Irritation / corrosion parameter:

other: other: Relative tissue viability

Value:

12

Remarks on result:

other:

Remarks:

Basis: mean. Time point: 3 minutes. Max. score: 100.0. Reversibility: no data. (migrated information)

Irritation / corrosion parameter:

other: other: Relative tissue viability

Value:

3

Remarks on result:

other:

Remarks:

Basis: mean. Time point: 1 hour. Max. score: 100.0. Reversibility: no data. (migrated information)

Other effects / acceptance of results:

The maximum inter-tissue variability in viability between two tissues treated identically was up to 16.5%. Both viabilities at the 3 minute exposure were below 50% (15.9 and 8.7%) and therefore the outcome of both tissues was clearly positive. In addition at the 1 hour exposure both viabilities were below 15% (2.5 and 2.9%) and clearly positive.

The in vitro skin corrosion test is considered acceptable if it meets the following criteria:
a) The absolute mean OD570 of the two tissues of the negative control should reasonably be within the laboratory historical control data range.
b) The mean relative tissue viability following 3-minute exposure to the positive control should be ≤ 30%.
c) The maximum inter-tissue variability (in viability) is ≤ 30% between two tissues treated identically.
d) The maximum difference in percentage between the mean viability of two tissues and one of the two tissues is ≤ 15%.

All validity criteria were met. Although, the maximum inter-tissue variability in viability between two tissues treated identically and the maximum difference in percentage between the mean viability of two tissues and one of the two tissues treated with Potassium dicyanoargentate 54.2% were above the acceptability criteria at the 3 minute exposure period (up to 45.5 and 29.4% respectively), both viabilities were below 50% (15.9 and 8.7%) and therefore the outcome of both tissues was clearly positive. In addition at the 1 hour exposure both viabilities were below 15% (2.5 and 2.9%) and clearly positive. Therefore this deviation does not affect the study integrity.

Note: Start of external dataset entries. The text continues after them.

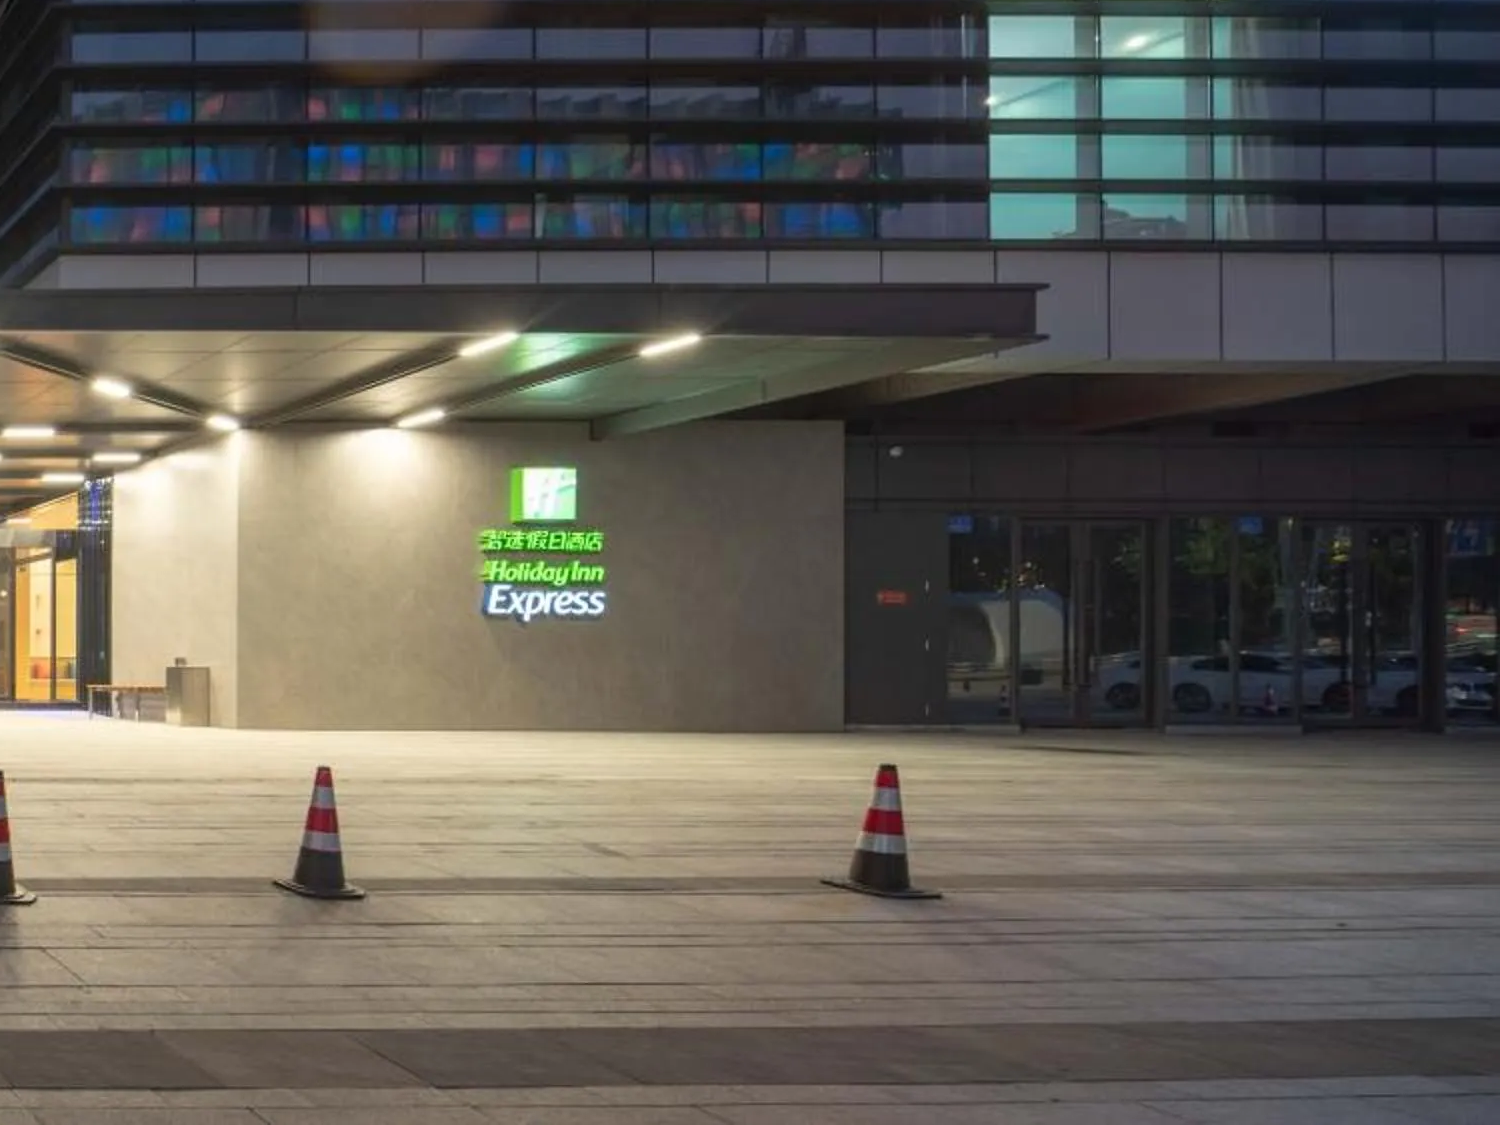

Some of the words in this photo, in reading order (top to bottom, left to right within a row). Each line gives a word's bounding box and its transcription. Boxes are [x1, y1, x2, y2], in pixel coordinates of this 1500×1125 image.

[487, 560, 570, 586] Holiday
[571, 561, 605, 581] Inn
[487, 584, 606, 622] Express
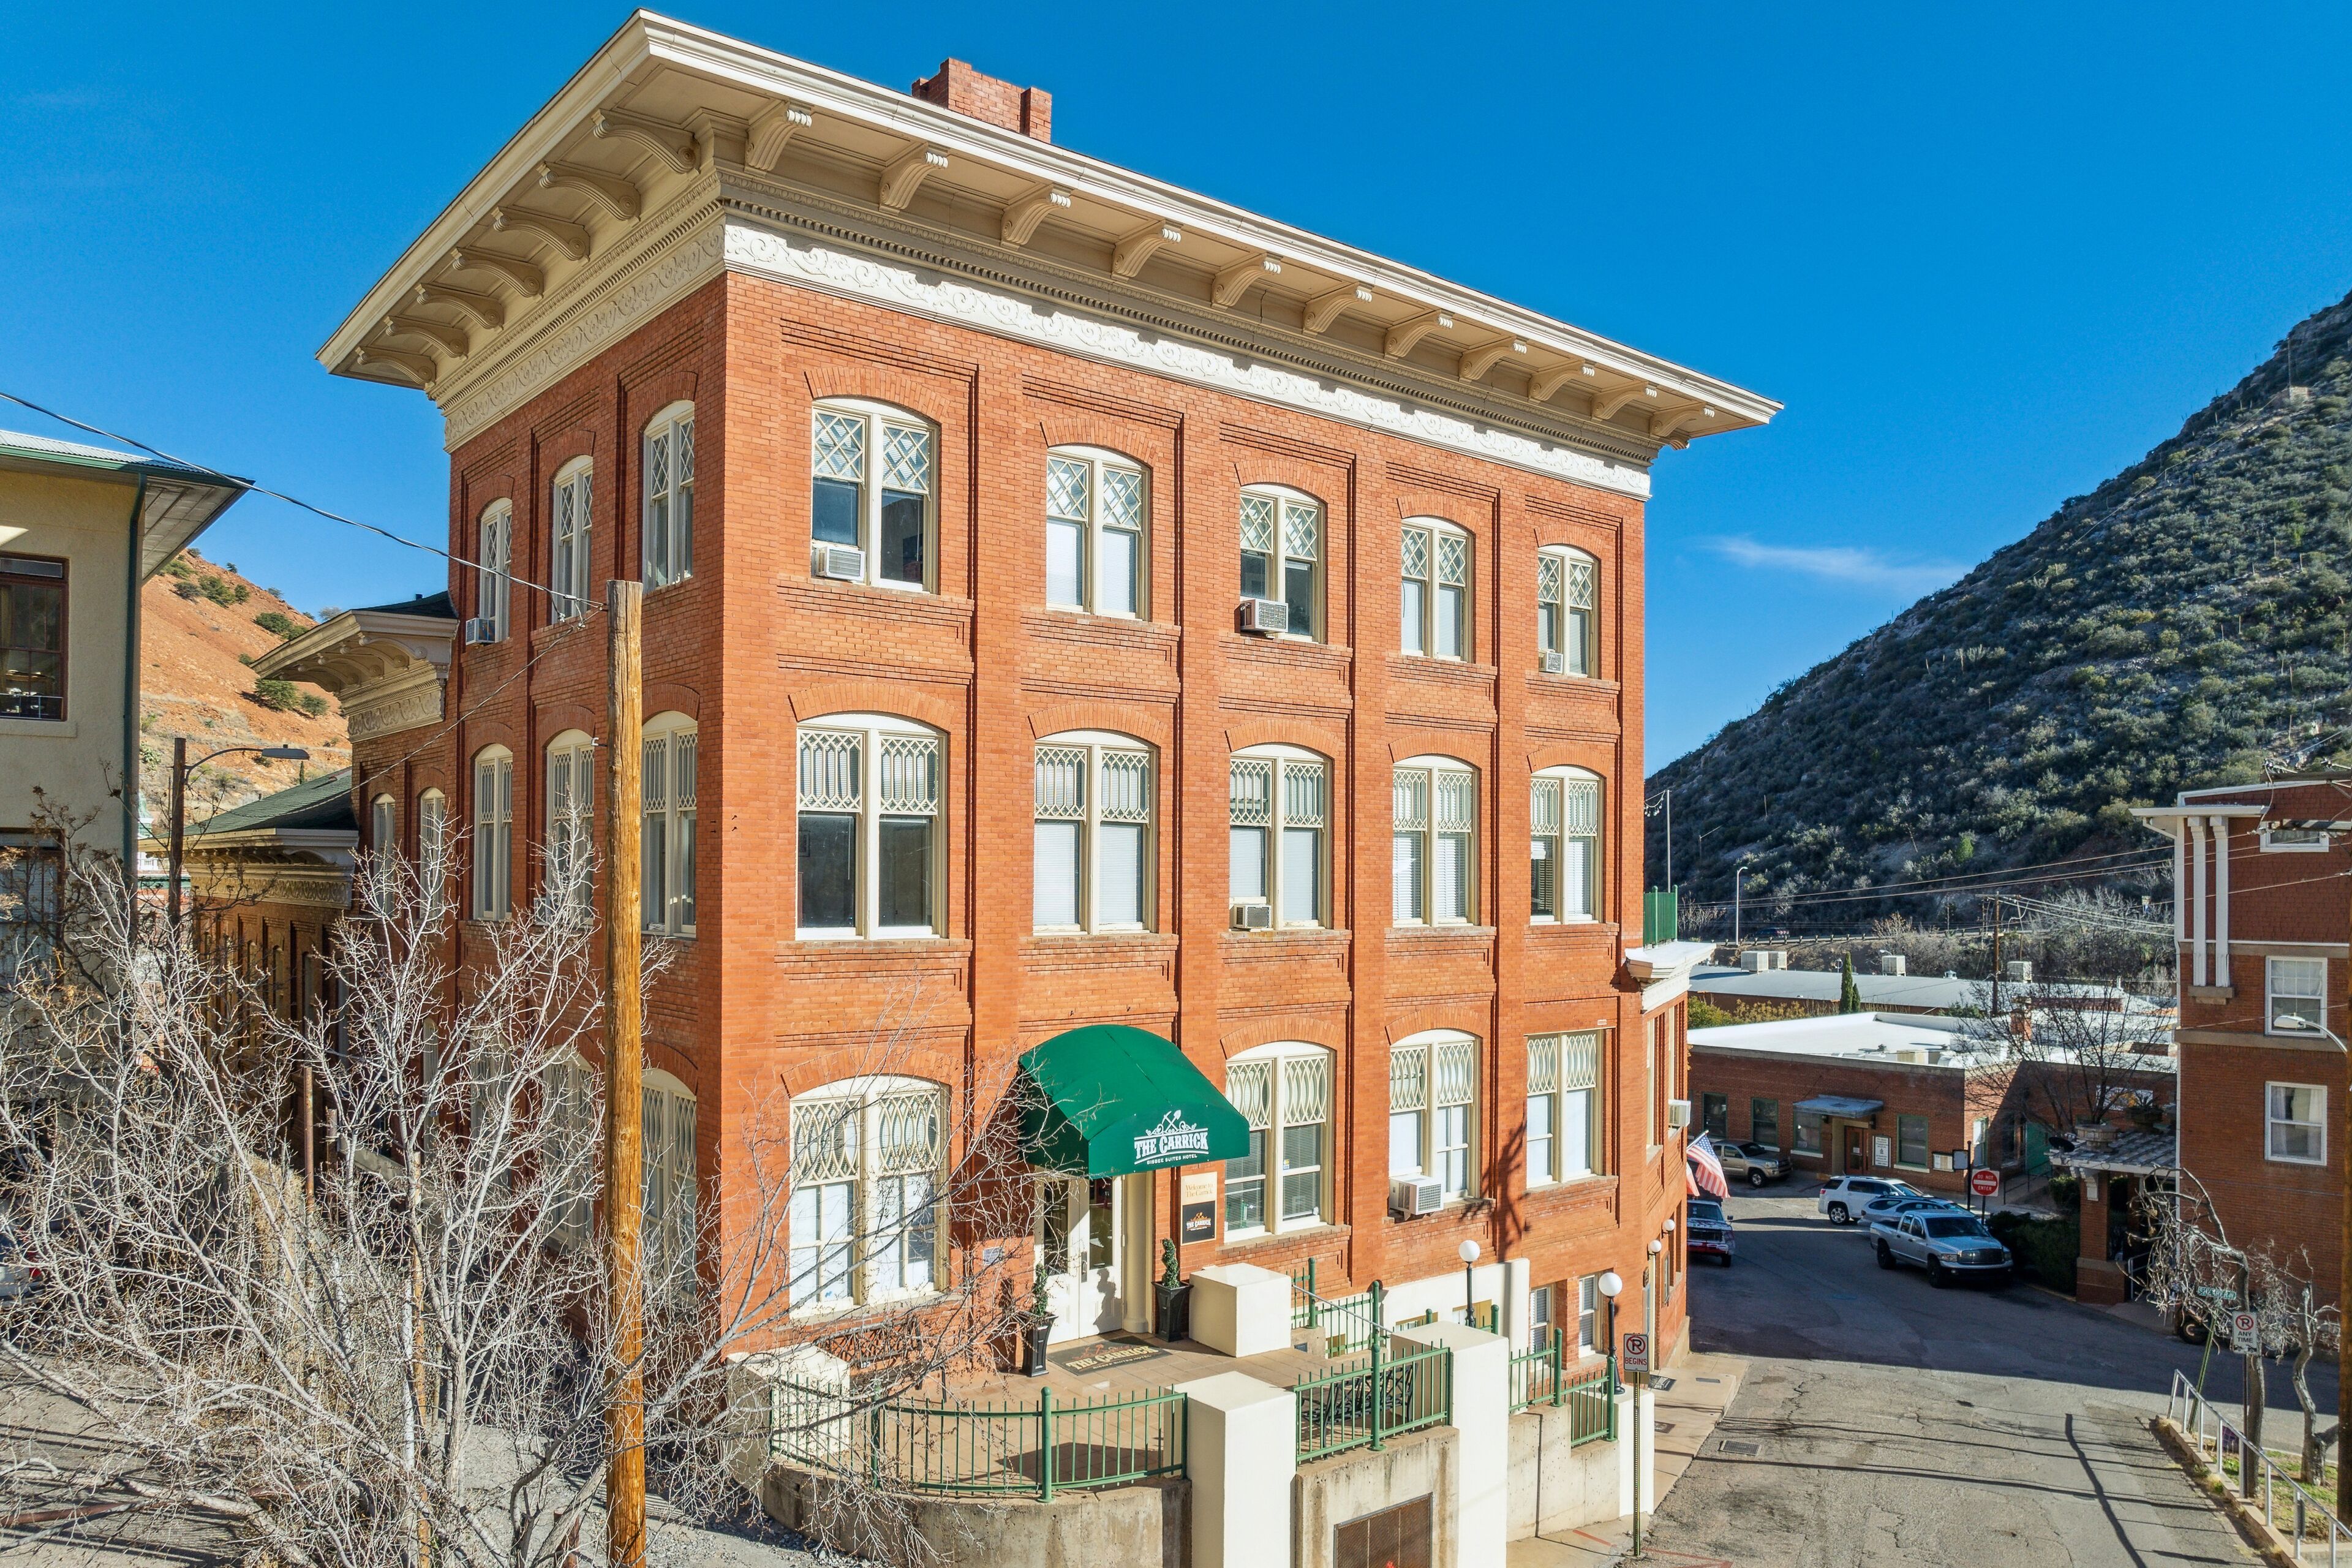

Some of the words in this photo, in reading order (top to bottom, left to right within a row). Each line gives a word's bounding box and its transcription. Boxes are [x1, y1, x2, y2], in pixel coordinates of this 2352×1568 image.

[1134, 1139, 1156, 1159] THE
[1159, 1131, 1208, 1153] CARRICK
[1194, 1219, 1212, 1228] CARRICK
[1066, 1358, 1097, 1370] THE
[1095, 1346, 1159, 1363] CARRICK
[1625, 1357, 1647, 1366] BEGINS

Interpretation of results:

Category 1A (corrosive) based on GHS criteria

Remarks:

Criteria used for interpretation of results: OECD GHS

Conclusions:

Potassium dicyanoargentate 54.2% is corrosive in the in vitro skin corrosion test at 3 minute and 1 hour exposures.

Executive summary:

The potential of potassium dicyanoargentate 54.2% to induce skin corrosion was tested on a human three dimensional epidermal model. Potassium dicyanoargentate 54.2% was applied directly on top of the skin tissue, spread to match the size of the tissue. Milli-Q water was used as the negative control and 8.0N potassium hydroxide served as the positive control. Tissues were incubated for 3 minutes at room temperature and for 1 hour at biological temperature (37.0 ± 1.0°C). The amount of extracted formazan was determined spectrophotometrically and results were used to calculate cell viability as percentage of the mean of the negative control tissues. Potassium dicyanoargentate 54.2% was determined to be corrosive at both exposure times. This study is reliable without restriction as it was GLP-compliant and was performed according to guideline.